Abagnall reached over his shoulder for the seat belt, snapped it in place. “One time I had a woman call me up, wanted me to find someone, went to see her, and can you guess who she wanted me to locate?”
I waited.
“Elvis. She wanted me to find Elvis Presley. This was around 1990, I think it was, and Elvis had been dead about thirteen years at that point. She lived in a big house, had lots of money, and she had a few screws loose as I’m sure you might have guessed, and she’d never so much as met Elvis in her entire life and had no connection to him whatsoever, but she was convinced that the King was still alive and just waiting for her to find and rescue him. I could have worked for her for a year, trying to track him down for her. She could have been my early retirement plan, this lady, bless her heart. But I had to say no. She was very upset, so I explained to her that I’d been hired once before to find Elvis, and that I’d found him, and he was fine, but wanted to live the rest of his life in peace.”
“No kidding. And did she accept that?”
“Well, she seemed to at the time. Of course, she might have called some other detective. For all I know, he’s still working on the case.” He chuckled softly to himself. “Wouldn’t that be something.”
“What’s your point, Mr. Abagnall?” I asked.
“I guess the point I’m making is, your wife really wants to know what happened to her parents and her brother. I wouldn’t take a check from someone I thought was trying to string me a line. Your wife isn’t trying to string me a line.”
“No, I don’t think she is, either,” I said. “But this woman who wanted you to find Elvis, was she trying to string you a line? Or did she really believe, in her heart, that Elvis was still alive?”
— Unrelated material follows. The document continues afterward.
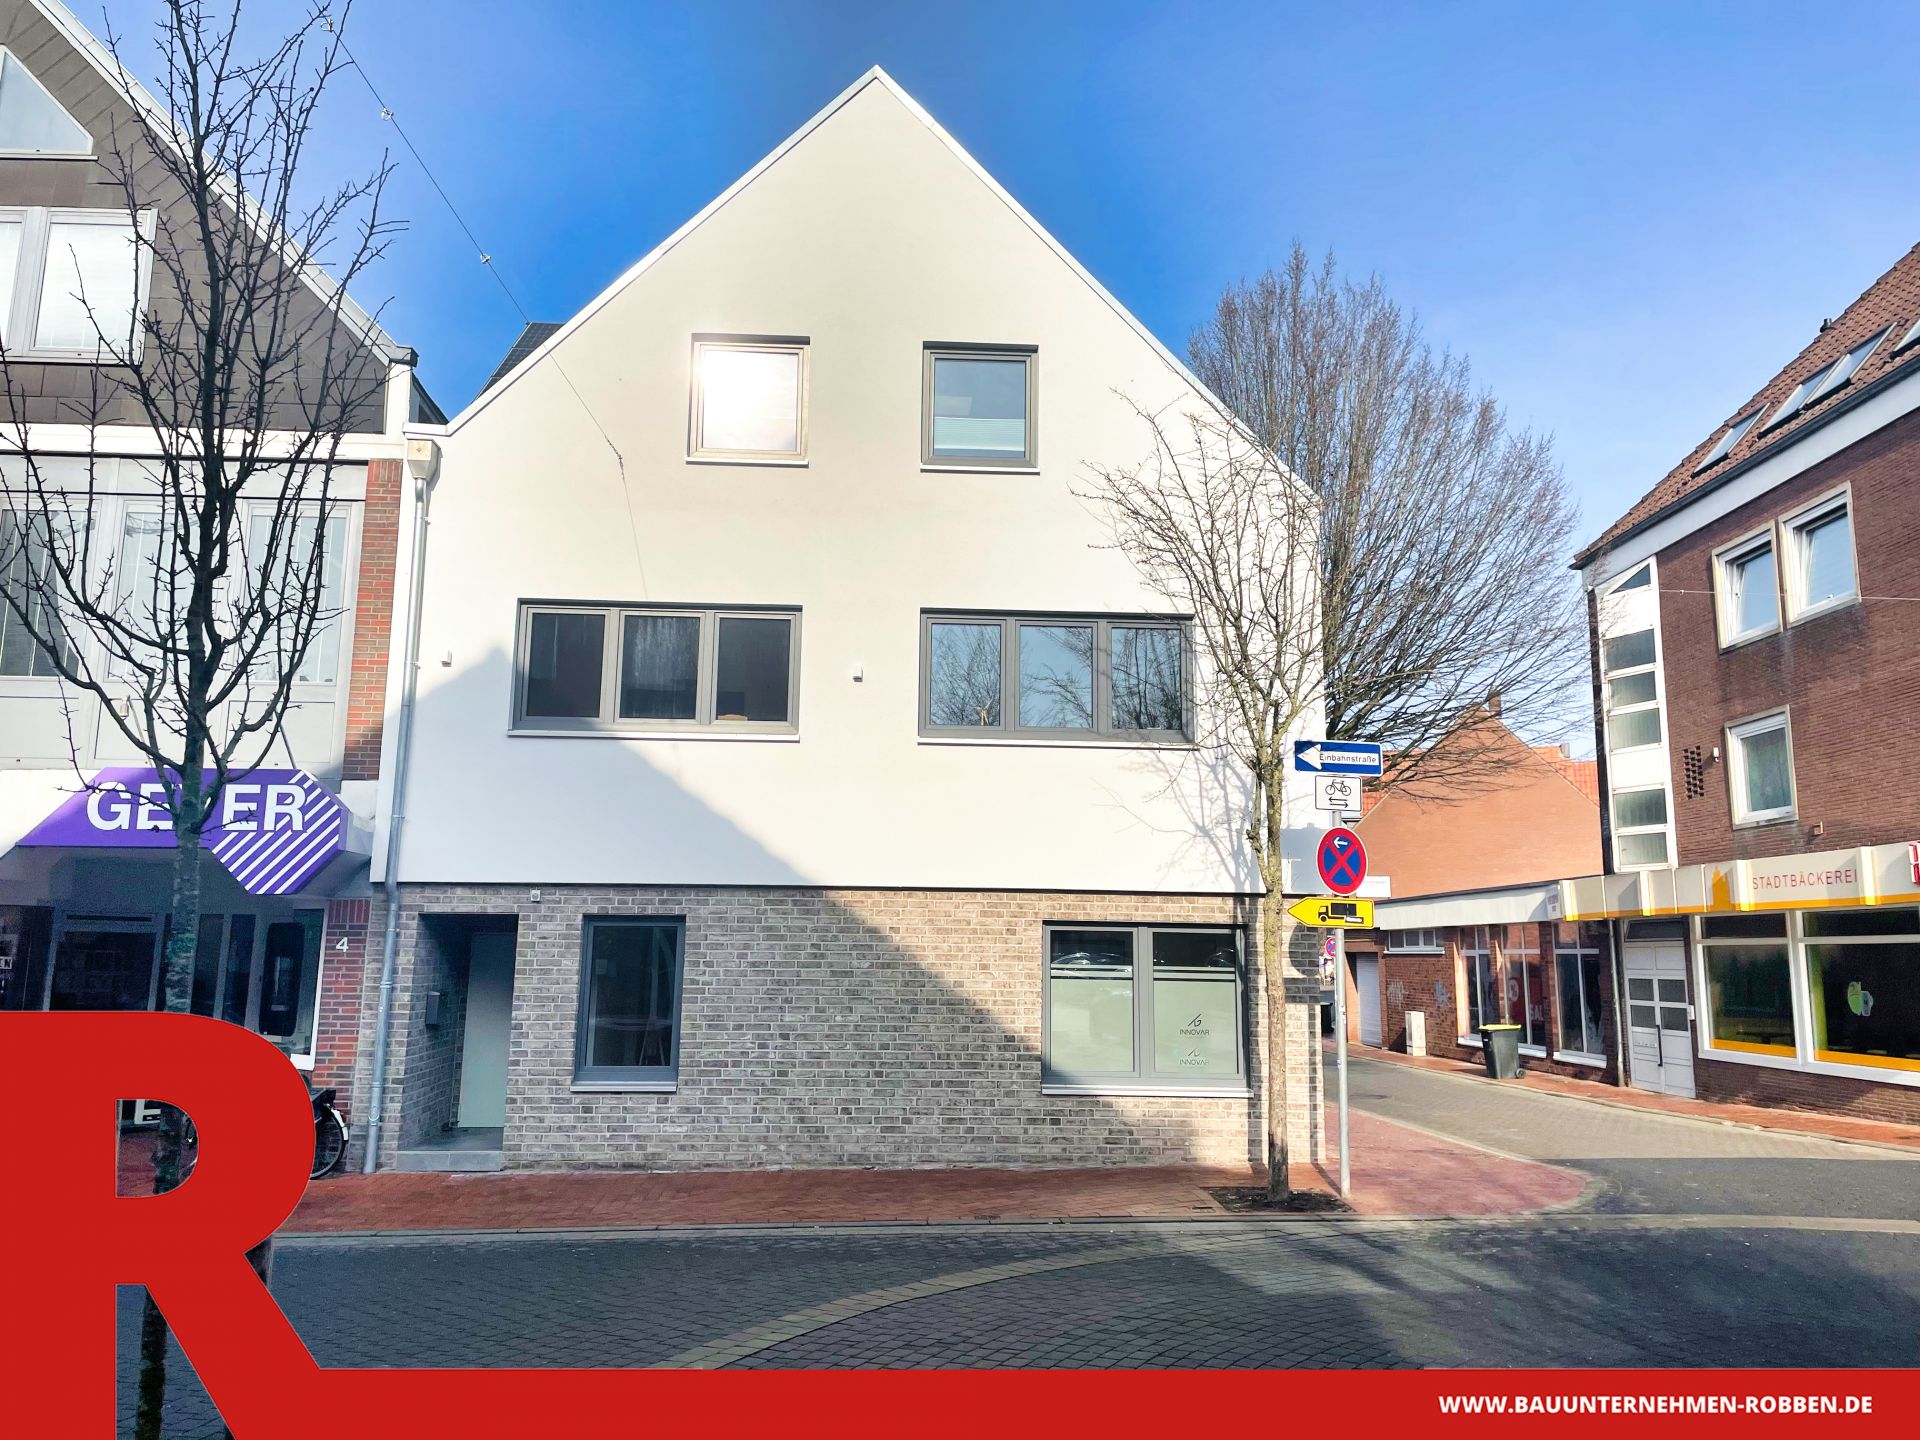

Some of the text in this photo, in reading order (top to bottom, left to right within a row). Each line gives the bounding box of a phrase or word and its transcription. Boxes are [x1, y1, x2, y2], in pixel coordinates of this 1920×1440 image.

Abagnall gave me a sad smile. “I’ll report back to you folks in three days, sooner if I learn anything interesting.”
16
“Men are weak - not you, of course – and they let you down, but just as often it’s the women who’ll really betray you,” she said.
“I know. You’ve said this before,” he said.
“Oh, I’m sorry.” Getting sarcastic. He didn’t like it when she got like that. “Am I boring you, sweetheart?”
“No, it’s okay. Go ahead. You were saying. Women will betray you, too. I was listening.”